AIM OF THE TASK: Give back exactly the lines from the one that includes "this 1344×1512 image." to the last line below, both included, and no further lines.

****

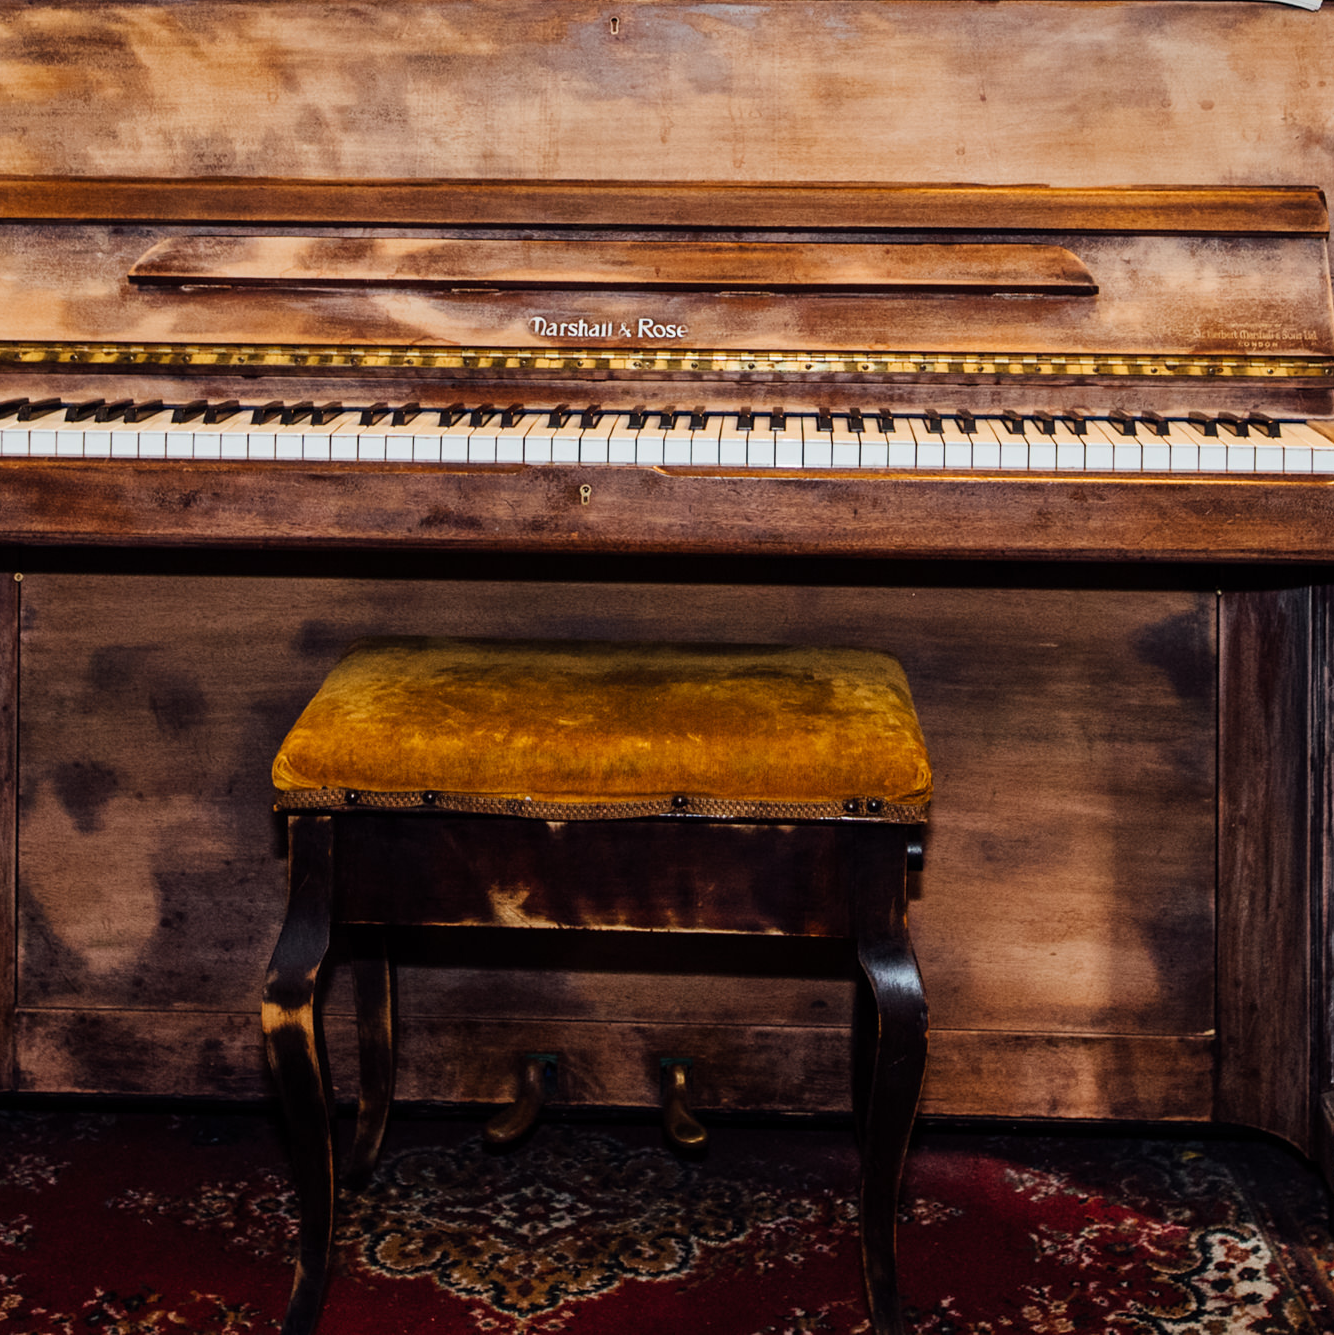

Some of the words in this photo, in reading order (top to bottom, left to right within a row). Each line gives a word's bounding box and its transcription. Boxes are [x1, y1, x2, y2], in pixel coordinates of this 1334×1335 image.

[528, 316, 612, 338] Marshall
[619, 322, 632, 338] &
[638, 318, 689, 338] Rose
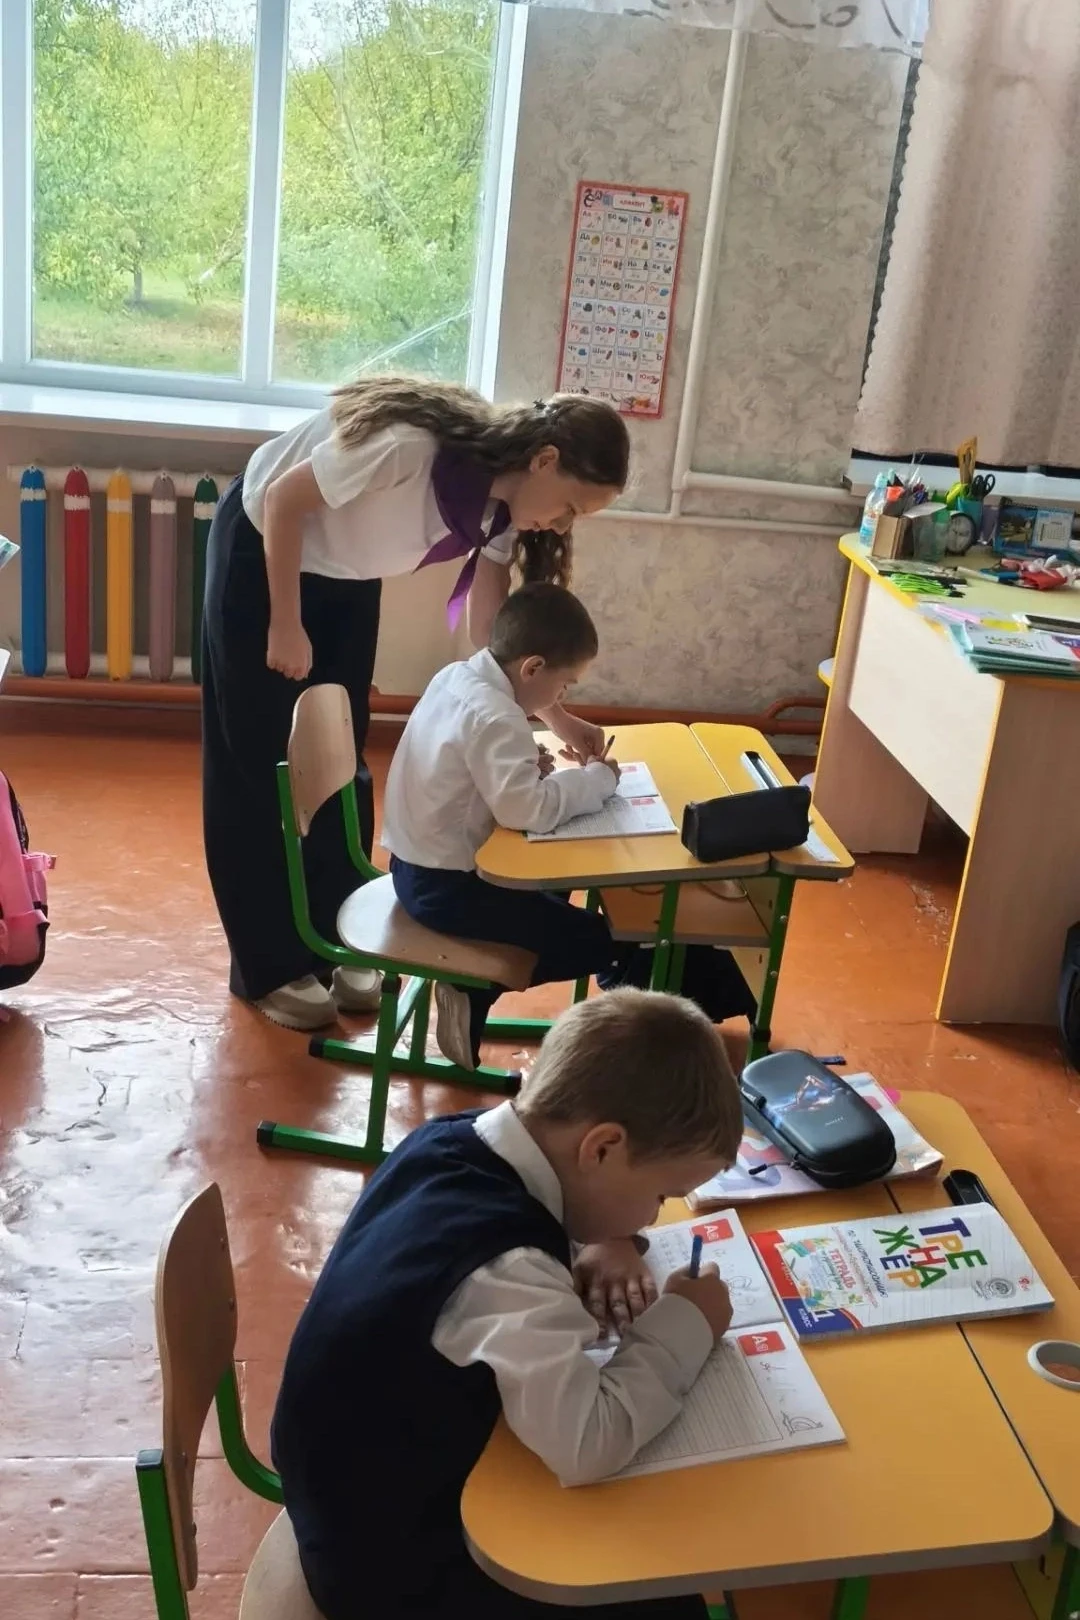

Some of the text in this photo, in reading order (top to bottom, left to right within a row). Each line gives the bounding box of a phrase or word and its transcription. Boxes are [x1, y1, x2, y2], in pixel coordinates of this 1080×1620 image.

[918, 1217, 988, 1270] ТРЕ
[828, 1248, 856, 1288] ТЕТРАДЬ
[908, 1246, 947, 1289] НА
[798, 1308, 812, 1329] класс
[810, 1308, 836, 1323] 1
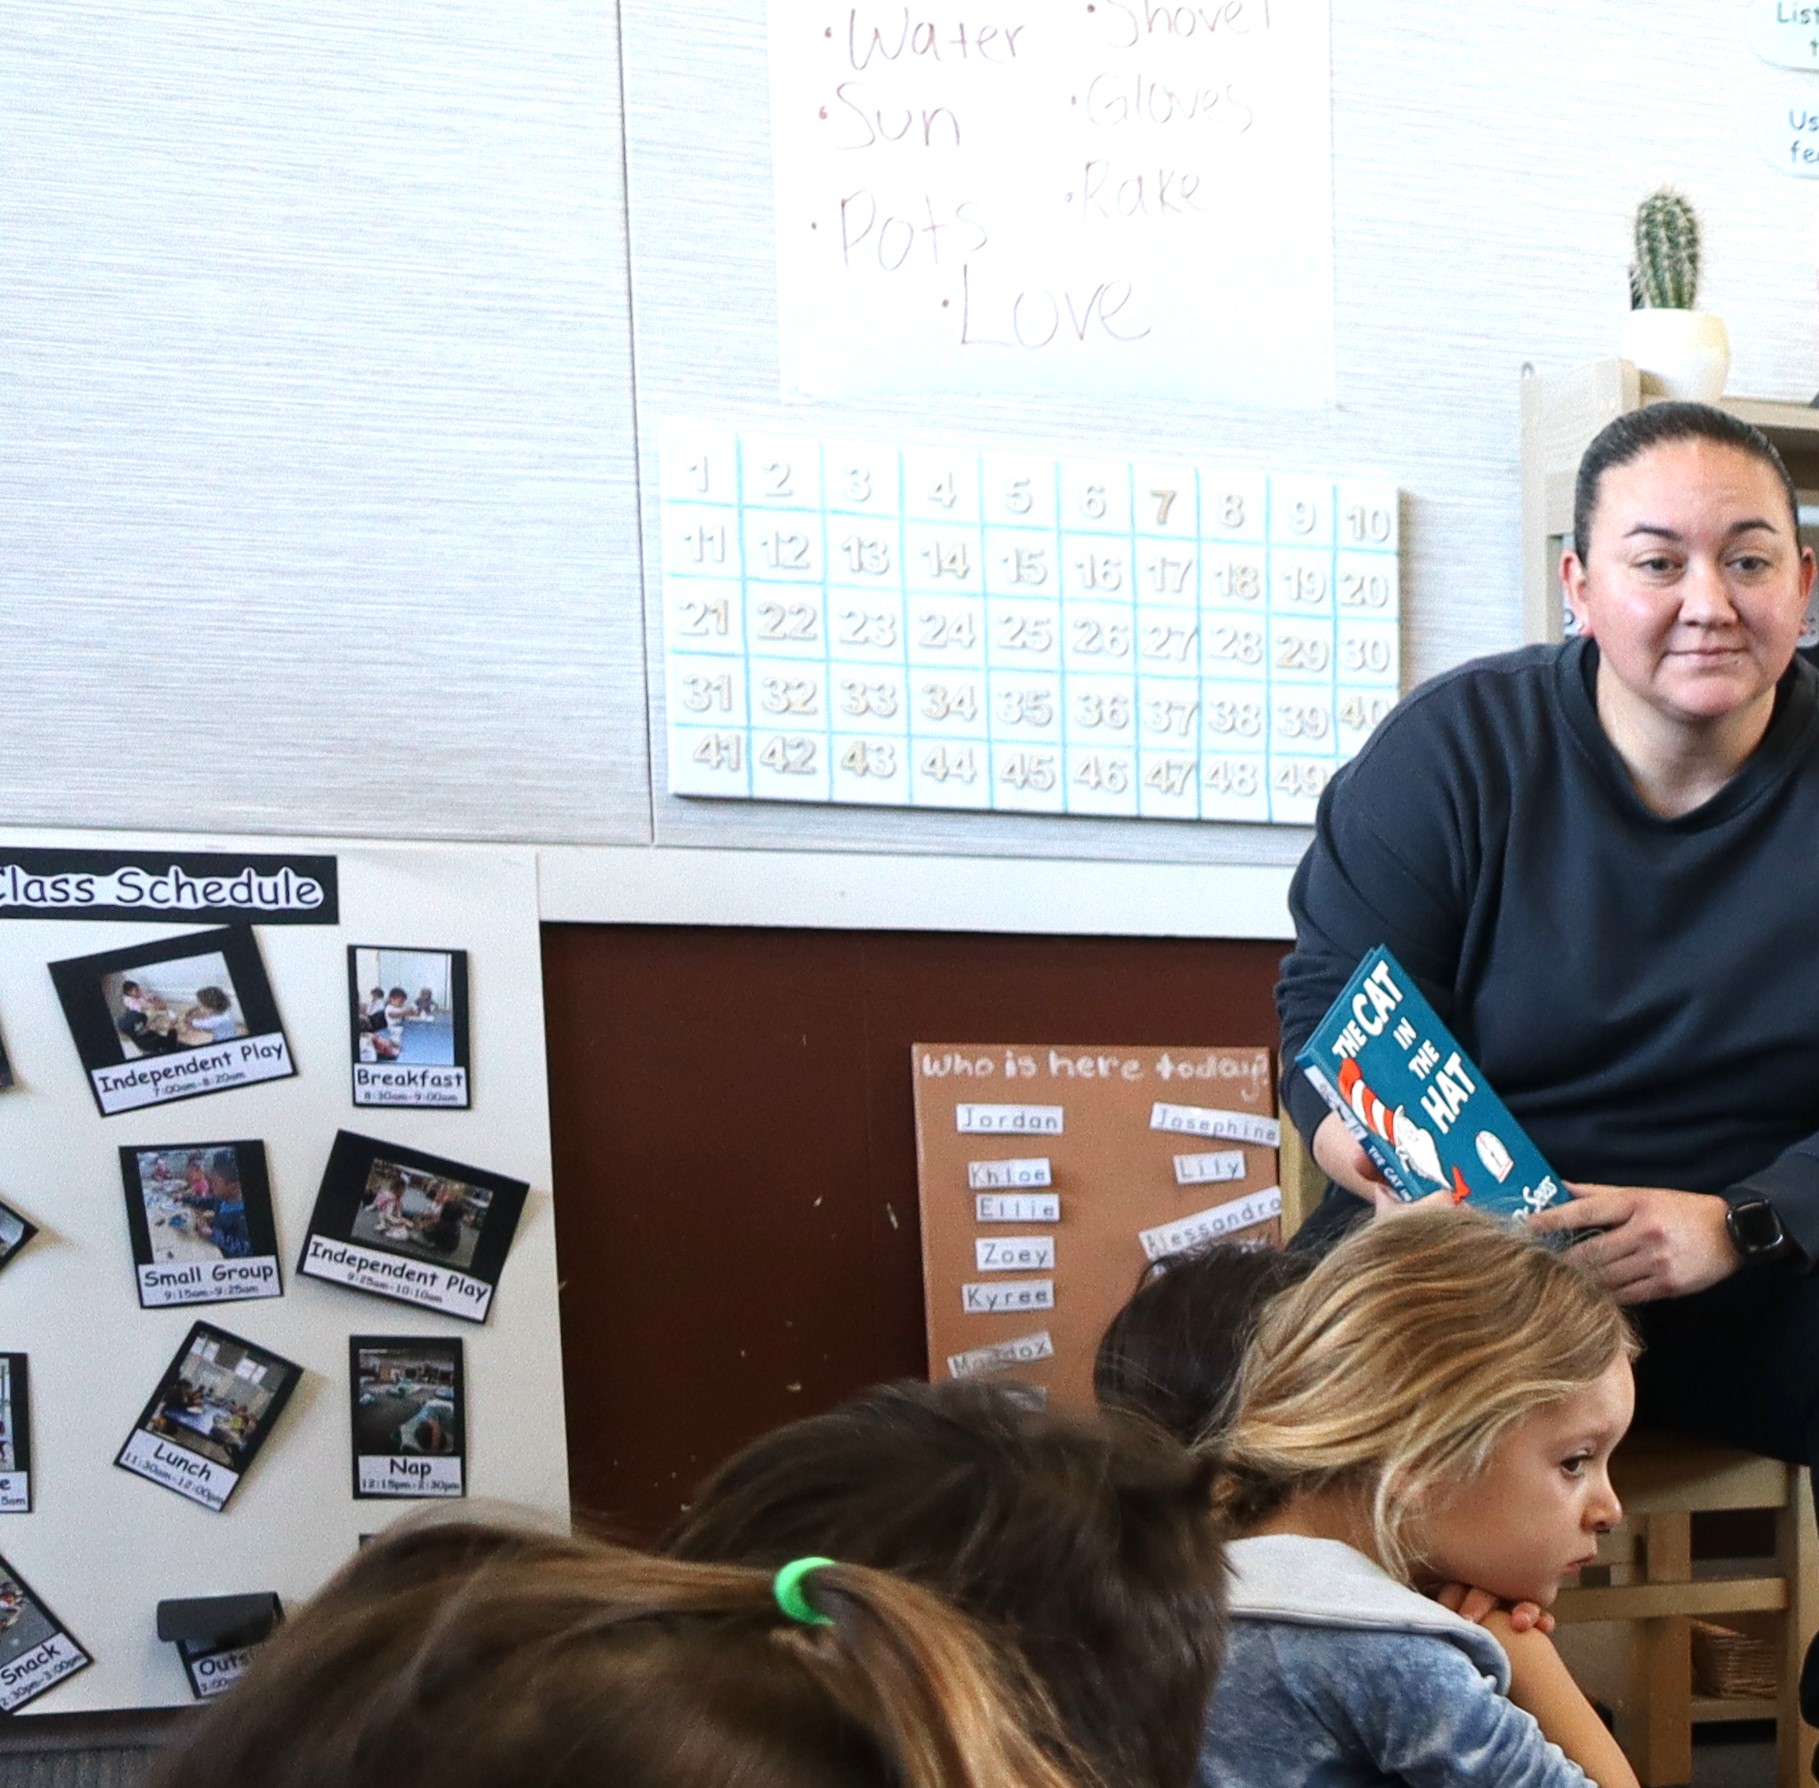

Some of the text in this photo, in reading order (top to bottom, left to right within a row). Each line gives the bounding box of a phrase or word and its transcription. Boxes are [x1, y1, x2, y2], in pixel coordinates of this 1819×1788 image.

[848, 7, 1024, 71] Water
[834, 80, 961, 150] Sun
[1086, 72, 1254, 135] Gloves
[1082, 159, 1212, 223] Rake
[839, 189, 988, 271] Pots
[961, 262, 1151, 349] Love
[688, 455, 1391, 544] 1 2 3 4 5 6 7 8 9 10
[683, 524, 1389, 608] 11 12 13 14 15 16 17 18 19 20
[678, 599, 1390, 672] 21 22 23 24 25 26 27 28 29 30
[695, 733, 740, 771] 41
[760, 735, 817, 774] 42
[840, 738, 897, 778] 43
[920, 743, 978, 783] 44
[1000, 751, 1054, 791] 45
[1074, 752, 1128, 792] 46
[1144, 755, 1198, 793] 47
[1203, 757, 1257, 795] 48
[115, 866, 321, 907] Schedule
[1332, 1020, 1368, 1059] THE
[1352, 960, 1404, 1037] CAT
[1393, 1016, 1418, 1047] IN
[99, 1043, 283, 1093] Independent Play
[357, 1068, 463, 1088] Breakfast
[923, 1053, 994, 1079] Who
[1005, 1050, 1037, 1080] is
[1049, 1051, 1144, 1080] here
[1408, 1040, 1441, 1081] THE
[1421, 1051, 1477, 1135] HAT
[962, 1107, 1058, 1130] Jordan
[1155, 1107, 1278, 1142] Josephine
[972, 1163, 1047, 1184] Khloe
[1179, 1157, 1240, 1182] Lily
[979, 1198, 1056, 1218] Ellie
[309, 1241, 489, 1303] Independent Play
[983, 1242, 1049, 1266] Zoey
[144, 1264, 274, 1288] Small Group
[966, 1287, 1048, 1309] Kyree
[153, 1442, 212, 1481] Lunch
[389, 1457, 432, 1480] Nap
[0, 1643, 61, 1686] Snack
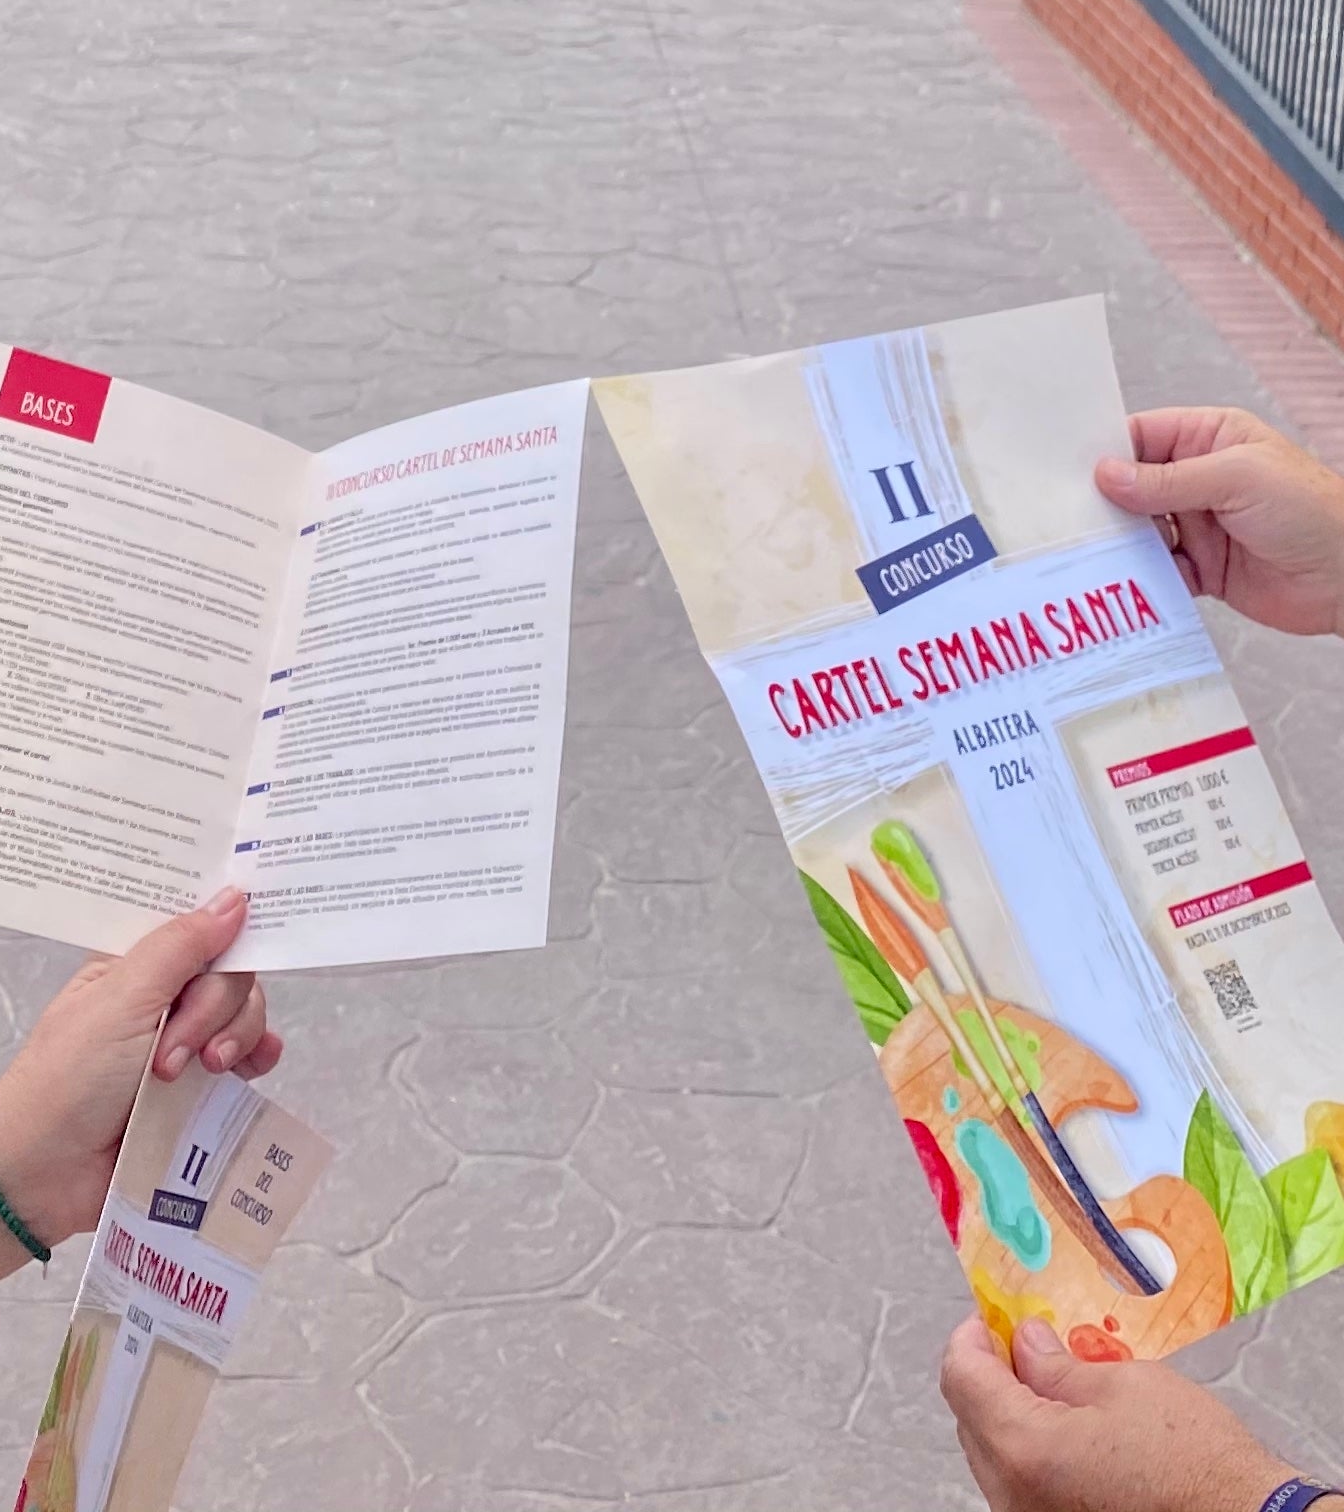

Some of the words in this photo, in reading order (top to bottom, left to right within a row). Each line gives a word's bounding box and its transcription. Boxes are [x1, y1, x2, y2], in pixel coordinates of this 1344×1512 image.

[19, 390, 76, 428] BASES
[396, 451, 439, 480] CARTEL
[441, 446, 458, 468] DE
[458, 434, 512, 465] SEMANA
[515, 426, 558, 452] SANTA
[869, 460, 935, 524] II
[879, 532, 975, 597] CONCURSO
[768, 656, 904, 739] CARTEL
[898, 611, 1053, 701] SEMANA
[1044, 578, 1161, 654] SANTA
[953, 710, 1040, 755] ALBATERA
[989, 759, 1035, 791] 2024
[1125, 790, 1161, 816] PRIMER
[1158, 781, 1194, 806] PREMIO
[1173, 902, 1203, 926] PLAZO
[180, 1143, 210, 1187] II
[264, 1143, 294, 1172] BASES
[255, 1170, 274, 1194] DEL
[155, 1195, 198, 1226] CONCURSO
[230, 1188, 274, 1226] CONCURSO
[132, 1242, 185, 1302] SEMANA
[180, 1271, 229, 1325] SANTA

****

PROBLEM SOLUTION:
Some of the words in this photo, in reading order (top to bottom, left to right within a row). Each line gives a word's bounding box and its transcription. Boxes are [x1, y1, x2, y2], in pixel coordinates of this 1344×1512 image.

[19, 390, 76, 428] BASES
[396, 451, 439, 480] CARTEL
[441, 446, 458, 468] DE
[458, 434, 512, 465] SEMANA
[515, 426, 558, 452] SANTA
[869, 460, 935, 524] II
[879, 532, 975, 597] CONCURSO
[768, 656, 904, 739] CARTEL
[898, 611, 1053, 701] SEMANA
[1044, 578, 1161, 654] SANTA
[953, 710, 1040, 755] ALBATERA
[989, 759, 1035, 791] 2024
[1125, 790, 1161, 816] PRIMER
[1158, 781, 1194, 806] PREMIO
[1173, 902, 1203, 926] PLAZO
[180, 1143, 210, 1187] II
[264, 1143, 294, 1172] BASES
[255, 1170, 274, 1194] DEL
[155, 1195, 198, 1226] CONCURSO
[230, 1188, 274, 1226] CONCURSO
[132, 1242, 185, 1302] SEMANA
[180, 1271, 229, 1325] SANTA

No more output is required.